The burn assessment team surveyed the Milli Fire area to determine how the fire would affect animals and native plant life. The team identified areas that were at risk of soil erosion as well as areas where invasive plants might slow the recovery of native plant species. The team also looked for post-fire threats to human life and safety that needed mitigation. In addition, the team evaluated the fire's impact on cultural assets and nearby communities.

The team's assessment was completed and delivered to the Deschutes National Forest on 21 September 2017. The Forest Service released the team's report to the public on 28 September 2017. The report recommended removing hazardous trees and snags along the Pacific Crest Trail and other forest trails as well as in the Lava Camp Lake campground. They also recommended closing several campsites due to safety concerns. The team recommended installation of new drainage systems on several forest roads along with debris clearing and general maintenance on approximately 50 mi of roads that were heavily used during the fire. In addition, the team recommended monitoring the fire area for invasive plant species. In total, the assessment team recommended $131,000 in restoration and recovery projects.

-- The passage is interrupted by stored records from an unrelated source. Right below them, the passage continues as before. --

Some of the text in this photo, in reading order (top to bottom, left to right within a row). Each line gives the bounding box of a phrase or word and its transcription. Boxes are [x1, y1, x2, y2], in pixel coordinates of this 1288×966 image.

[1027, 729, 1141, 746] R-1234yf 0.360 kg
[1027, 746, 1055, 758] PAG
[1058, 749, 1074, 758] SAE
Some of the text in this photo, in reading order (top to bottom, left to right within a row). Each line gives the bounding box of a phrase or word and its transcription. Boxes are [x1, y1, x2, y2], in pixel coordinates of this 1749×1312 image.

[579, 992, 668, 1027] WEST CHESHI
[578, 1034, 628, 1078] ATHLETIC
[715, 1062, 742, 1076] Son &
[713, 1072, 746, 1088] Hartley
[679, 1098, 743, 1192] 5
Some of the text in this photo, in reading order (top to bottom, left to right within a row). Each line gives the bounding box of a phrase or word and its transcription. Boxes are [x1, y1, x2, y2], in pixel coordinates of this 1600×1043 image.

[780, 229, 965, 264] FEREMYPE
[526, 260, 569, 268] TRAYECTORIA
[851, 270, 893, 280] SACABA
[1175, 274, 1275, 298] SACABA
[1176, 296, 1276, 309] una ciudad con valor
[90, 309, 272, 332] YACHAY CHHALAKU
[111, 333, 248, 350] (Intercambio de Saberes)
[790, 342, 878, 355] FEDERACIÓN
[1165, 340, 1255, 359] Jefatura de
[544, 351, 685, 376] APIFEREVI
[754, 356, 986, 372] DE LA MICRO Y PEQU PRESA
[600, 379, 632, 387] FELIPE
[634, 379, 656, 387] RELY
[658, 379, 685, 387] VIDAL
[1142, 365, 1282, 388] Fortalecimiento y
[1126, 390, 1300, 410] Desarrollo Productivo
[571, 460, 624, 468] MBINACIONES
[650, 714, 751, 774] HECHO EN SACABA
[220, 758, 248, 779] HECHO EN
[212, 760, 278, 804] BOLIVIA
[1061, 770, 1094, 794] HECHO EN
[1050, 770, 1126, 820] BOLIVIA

As a follow-up to the initial post-fire assessment, the Forest Service began preparing a detailed resource rehabilitation and protection plan for the Milli Fire area. Among other things, that effort will determine if and where salvage logging projects will be conducted.

== Synopsis ==

In the final fire status update, the size of the Milli Fire was reported as 24079 acre. The fire burned thick forest south and west of Sisters, much of it in the Three Sisters Wilderness. The main vegetation burned by the fire was old-growth ponderosa pine, along with large stands of lodgepole pine. Most of the burned area was public land administered by the United States Forest Service; however, some private forest land was also burned. While hundreds of residents living in the Sisters area were required to evacuate their homes during the Milli Fire, no residences or commercial structures were lost in the fire.

At the peak of the fire suppression effort, there were 675 firefighters from the United States Forest Service, Oregon Department of Forestry, Oregon State Fire Marshal's office, and several other agencies working on the fire. Equipment dispatched to the fire included pumper trucks, bulldozers, water tankers, helicopters, and air tankers. The total cost of fighting the fire exceeded $15 million.